─── TASK MATERIAL ───

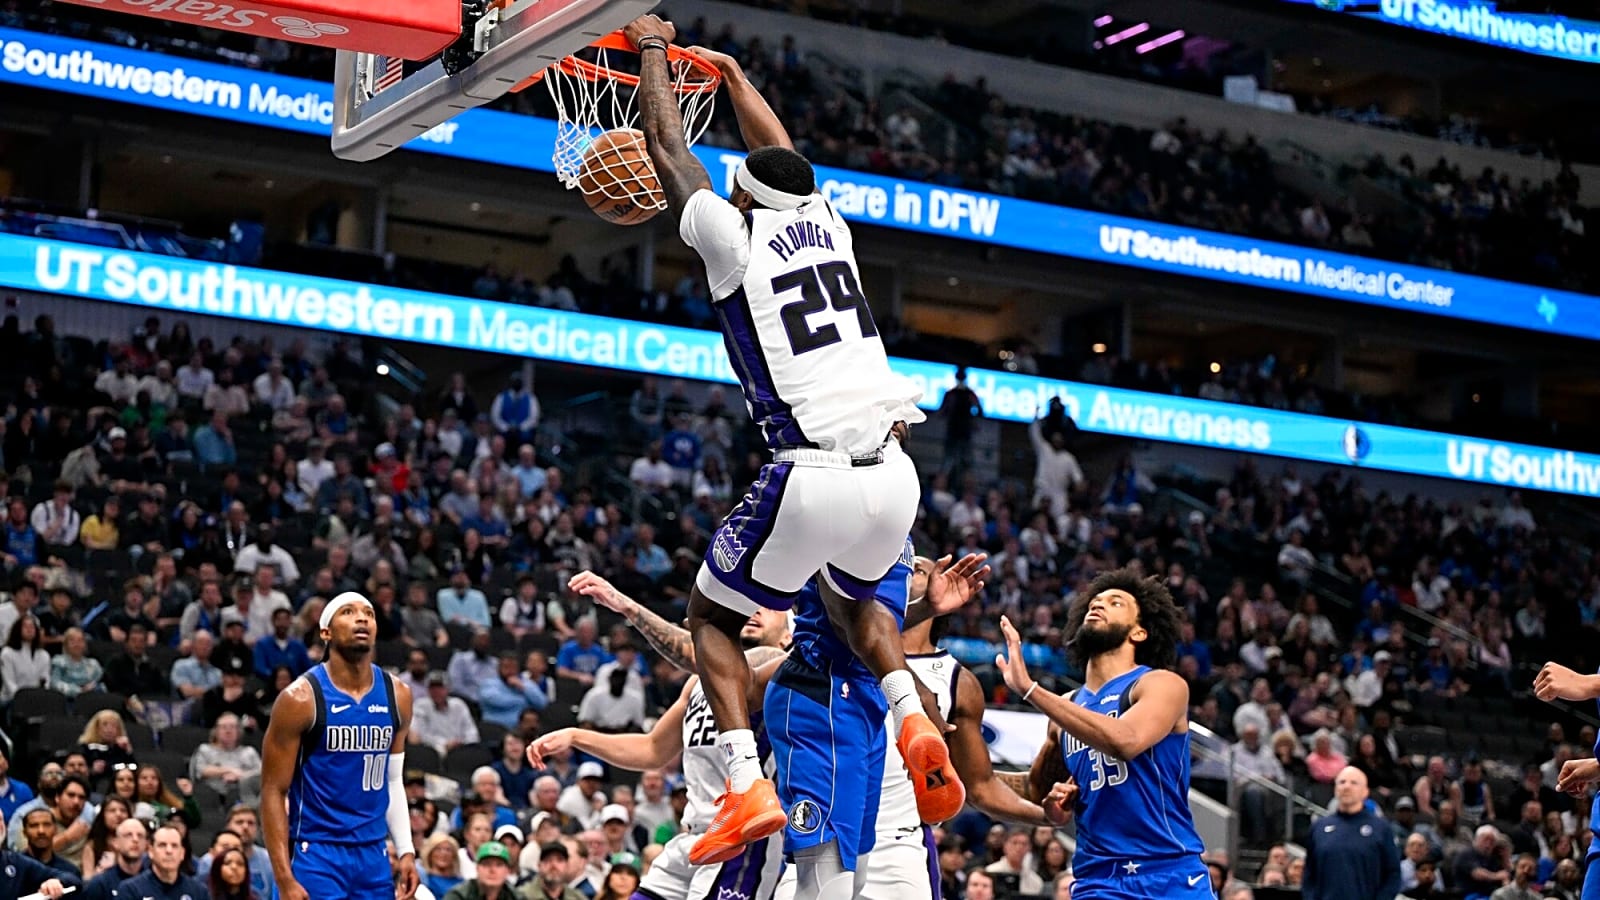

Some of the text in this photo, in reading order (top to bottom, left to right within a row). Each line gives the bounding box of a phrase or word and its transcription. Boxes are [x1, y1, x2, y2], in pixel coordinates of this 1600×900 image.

[0, 39, 241, 109] Southwestern
[821, 179, 1000, 237] care in DFW
[768, 220, 835, 262] PLOWDEN
[770, 260, 878, 356] 29
[1304, 259, 1387, 297] Medical
[1387, 273, 1454, 307] Center
[468, 304, 628, 367] Medical
[635, 328, 738, 377] Cent
[1087, 390, 1271, 450] Awareness
[327, 725, 393, 752] DALLAS
[688, 714, 717, 747] 22
[362, 753, 387, 791] 10

───

- EXERCISE AIM
Copy out the material above in full and exactly; its pictures are not to appear.

- SOLUTION FOR THIS PROBLEM
Some of the text in this photo, in reading order (top to bottom, left to right within a row). Each line gives the bounding box of a phrase or word and its transcription. Boxes are [x1, y1, x2, y2], in pixel coordinates of this 1600×900 image.

[0, 39, 241, 109] Southwestern
[821, 179, 1000, 237] care in DFW
[768, 220, 835, 262] PLOWDEN
[770, 260, 878, 356] 29
[1304, 259, 1387, 297] Medical
[1387, 273, 1454, 307] Center
[468, 304, 628, 367] Medical
[635, 328, 738, 377] Cent
[1087, 390, 1271, 450] Awareness
[327, 725, 393, 752] DALLAS
[688, 714, 717, 747] 22
[362, 753, 387, 791] 10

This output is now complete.